(Data in this exercise Opens)
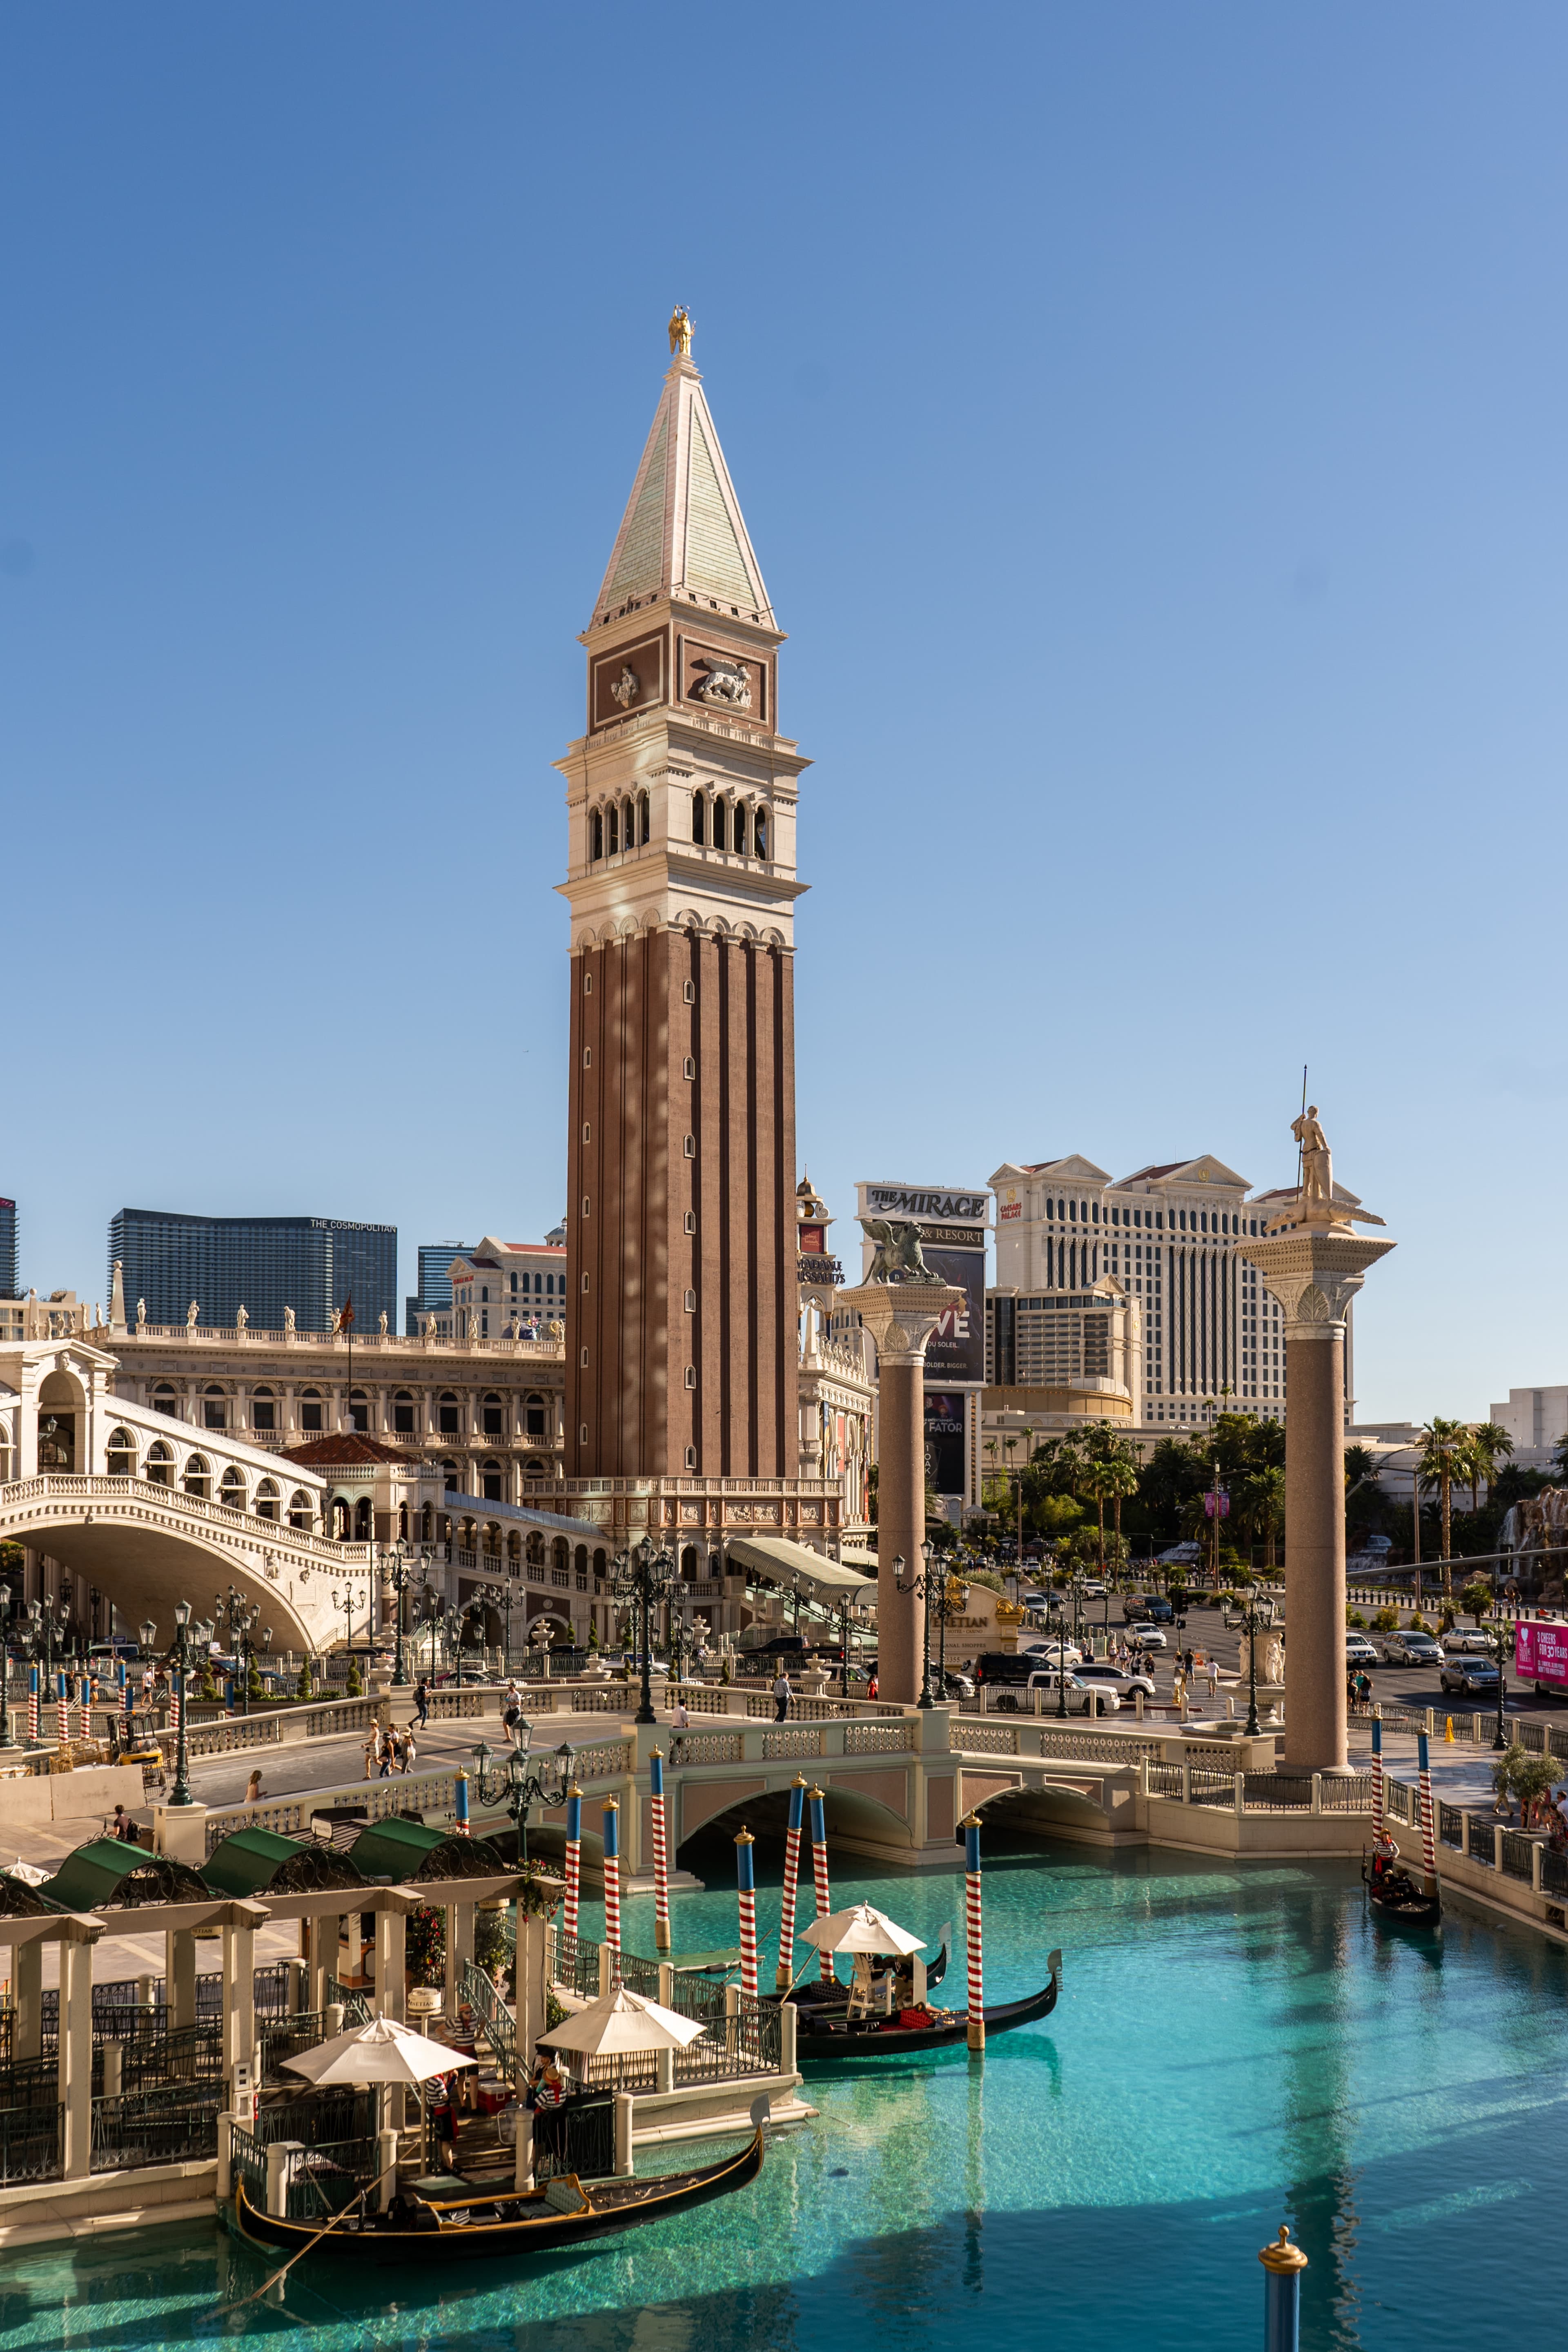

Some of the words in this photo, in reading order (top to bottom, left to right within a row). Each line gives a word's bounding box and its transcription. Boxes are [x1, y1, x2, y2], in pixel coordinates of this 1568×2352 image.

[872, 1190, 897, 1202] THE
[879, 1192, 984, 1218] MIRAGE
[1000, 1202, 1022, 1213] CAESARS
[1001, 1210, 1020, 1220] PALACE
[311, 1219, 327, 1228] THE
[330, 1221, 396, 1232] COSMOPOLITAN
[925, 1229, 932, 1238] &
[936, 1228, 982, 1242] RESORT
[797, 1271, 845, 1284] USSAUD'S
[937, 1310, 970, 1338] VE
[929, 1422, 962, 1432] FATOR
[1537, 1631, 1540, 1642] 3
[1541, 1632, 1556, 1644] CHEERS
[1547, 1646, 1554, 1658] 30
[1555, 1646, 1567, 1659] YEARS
(Data in this exercise Closes)
### Work order:
Without including the pictures, copy all of the data exactly.

### Solved exercise:
Some of the words in this photo, in reading order (top to bottom, left to right within a row). Each line gives a word's bounding box and its transcription. Boxes are [x1, y1, x2, y2], in pixel coordinates of this 1568×2352 image.

[872, 1190, 897, 1202] THE
[879, 1192, 984, 1218] MIRAGE
[1000, 1202, 1022, 1213] CAESARS
[1001, 1210, 1020, 1220] PALACE
[311, 1219, 327, 1228] THE
[330, 1221, 396, 1232] COSMOPOLITAN
[925, 1229, 932, 1238] &
[936, 1228, 982, 1242] RESORT
[797, 1271, 845, 1284] USSAUD'S
[937, 1310, 970, 1338] VE
[929, 1422, 962, 1432] FATOR
[1537, 1631, 1540, 1642] 3
[1541, 1632, 1556, 1644] CHEERS
[1547, 1646, 1554, 1658] 30
[1555, 1646, 1567, 1659] YEARS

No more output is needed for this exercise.